The settlers carried with them seeds for planting and tools to ply
their trades. They brought ideas shaped by the religious and dynastic
wars in Europe, the Magna Carta, the Renaissance and the Protestant
Reformation. They cleared the land for farms, built villages and
established local governing bodies. The Mayflower Compact, drawn
up by the Plymouth colony in New England in 1620, was the colonies'
first agreement to form "a civil body politic for better ordering and
preservation...to enact, constitute and frame such just and equal
laws...." Under the Compact, the Plymouth settlers were able to
conduct their affairs without outside interference.
By 1733 European settlers occupied 13 colonies along the Atlantic
Coast. The French controlled Canada, Louisiana and the entire
watershed of the Mississippi River. A series of conflicts between the
British and the French culminated in the French and Indian War
(1754-63) in which Britain, with its American colonial allies, emerged
victorious. France ceded Canada and the Ohio territories east of the
Mississippi River to Britain in the Peace of Paris of 1763.
In the following years, the British started imposing new taxes on
sugar, coffee, textiles and other imported goods. Under the Quartering
Act, the British required the colonists to house and feed British
soldiers; under the Stamp Act, they issued special tax stamps to be
attached to all newspapers, pamphlets, legal documents and licenses.
These measures seemed quite fair to British politicians, who had
spent large sums of money to defend their American colonies during
the French and Indian War.
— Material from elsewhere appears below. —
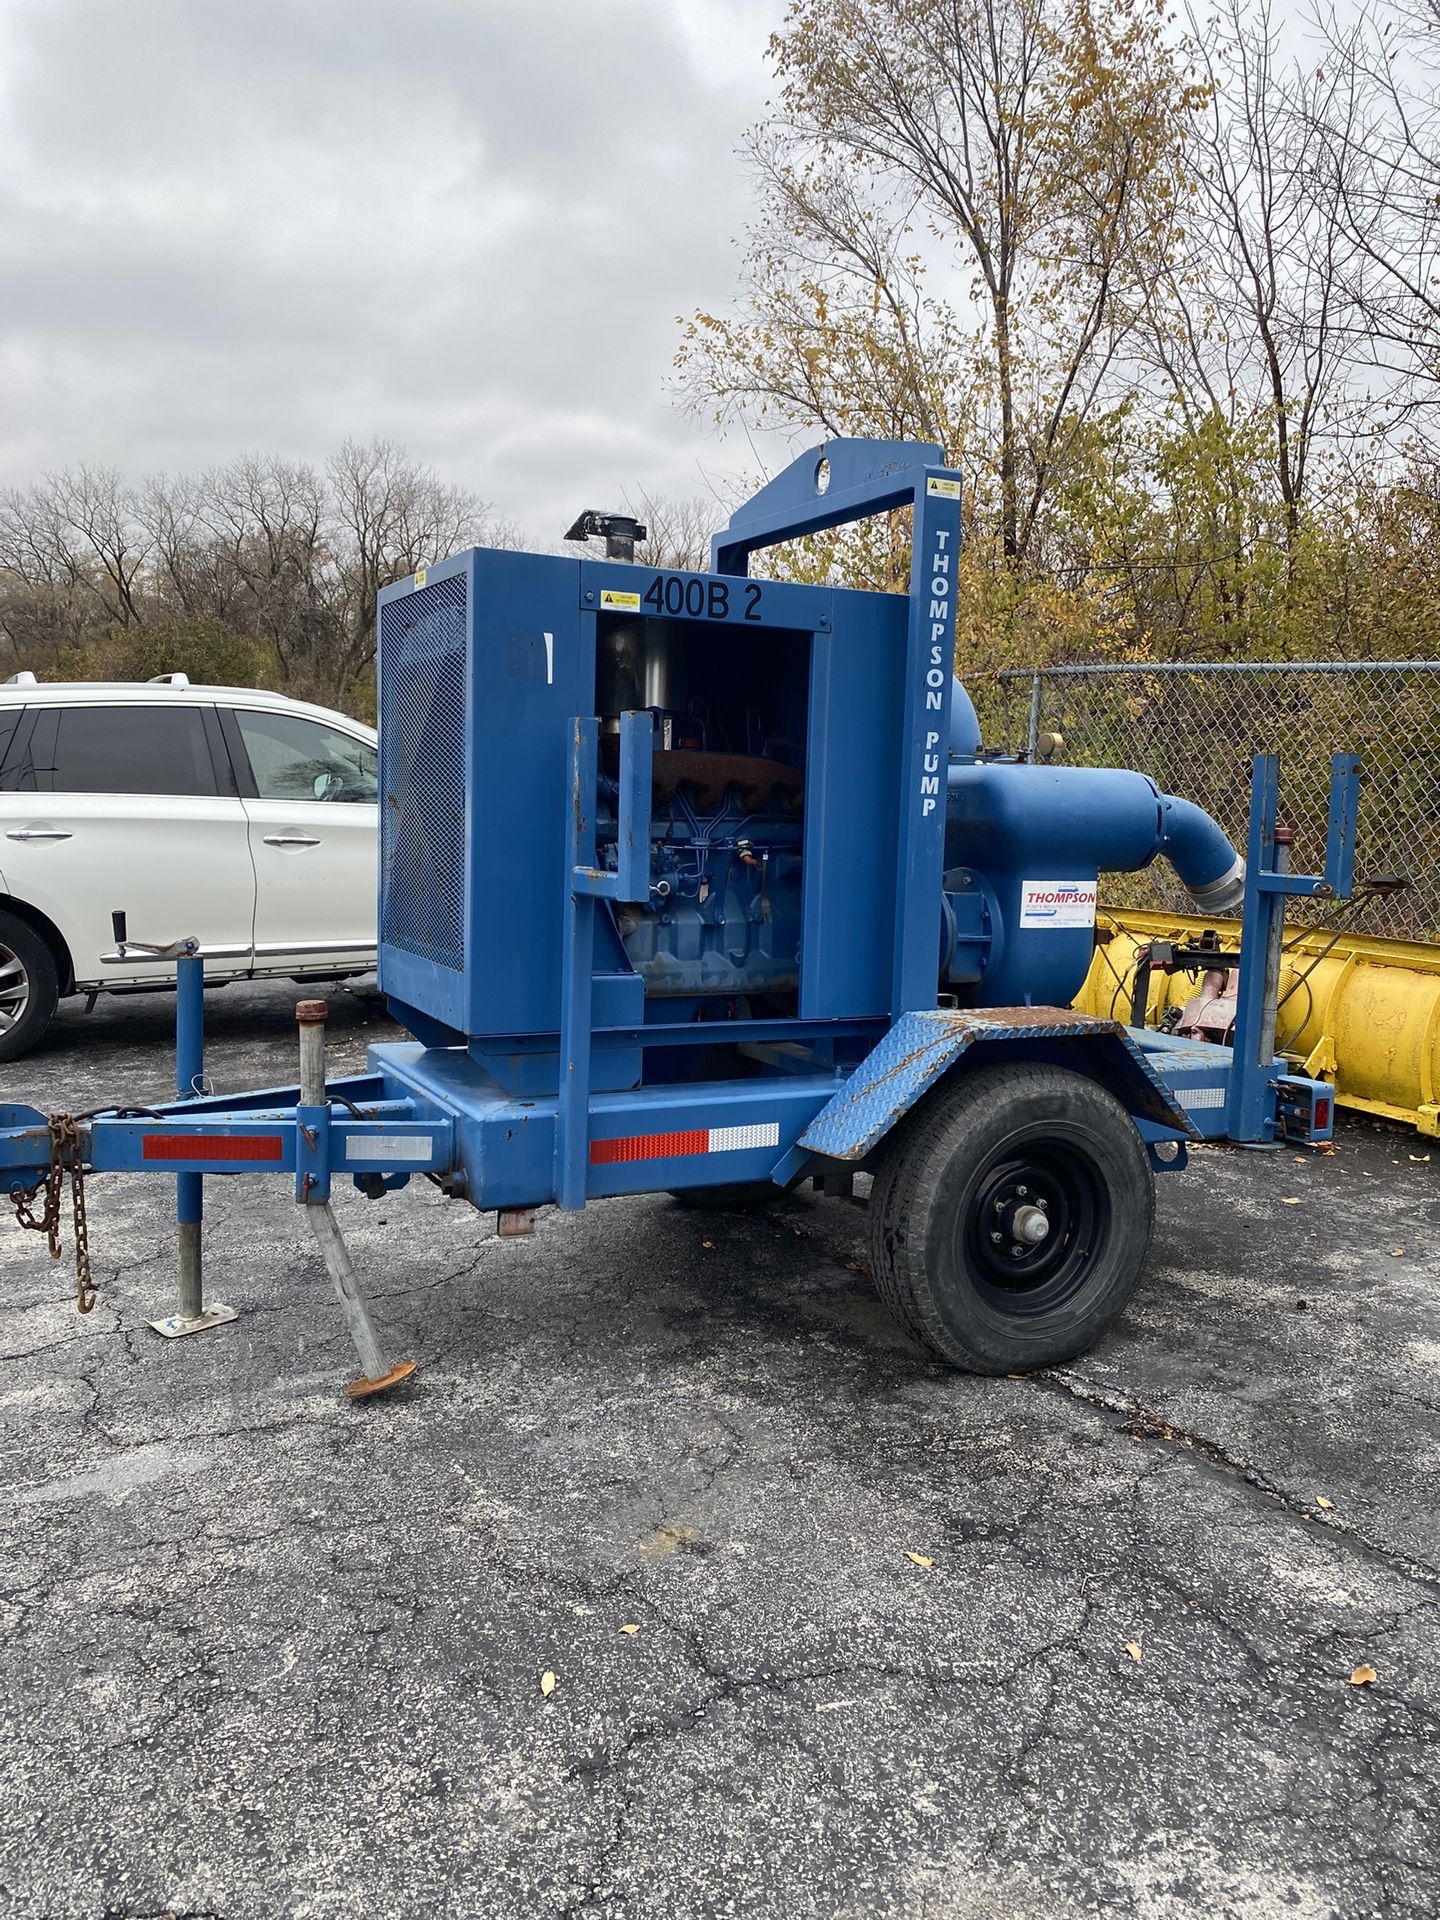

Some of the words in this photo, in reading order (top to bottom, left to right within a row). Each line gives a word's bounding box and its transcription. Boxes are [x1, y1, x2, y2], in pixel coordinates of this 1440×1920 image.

But the Americans feared that the new
taxes would make trading difficult, and that British troops stationed in
the colonies might be used to crush civil liberties which the colonists
had heretofore enjoyed. Speaking as freeborn Englishmen, colonial
Americans insisted that they could be taxed only by their own colonial
assemblies: "No taxation without representation" was their rallying
cry. Parliament heeded their protests and repealed the Stamp Act;
however, it enforced the Quartering Act, enacted taxes on tea and
other goods and sent customs officers to Boston to collect these tariffs.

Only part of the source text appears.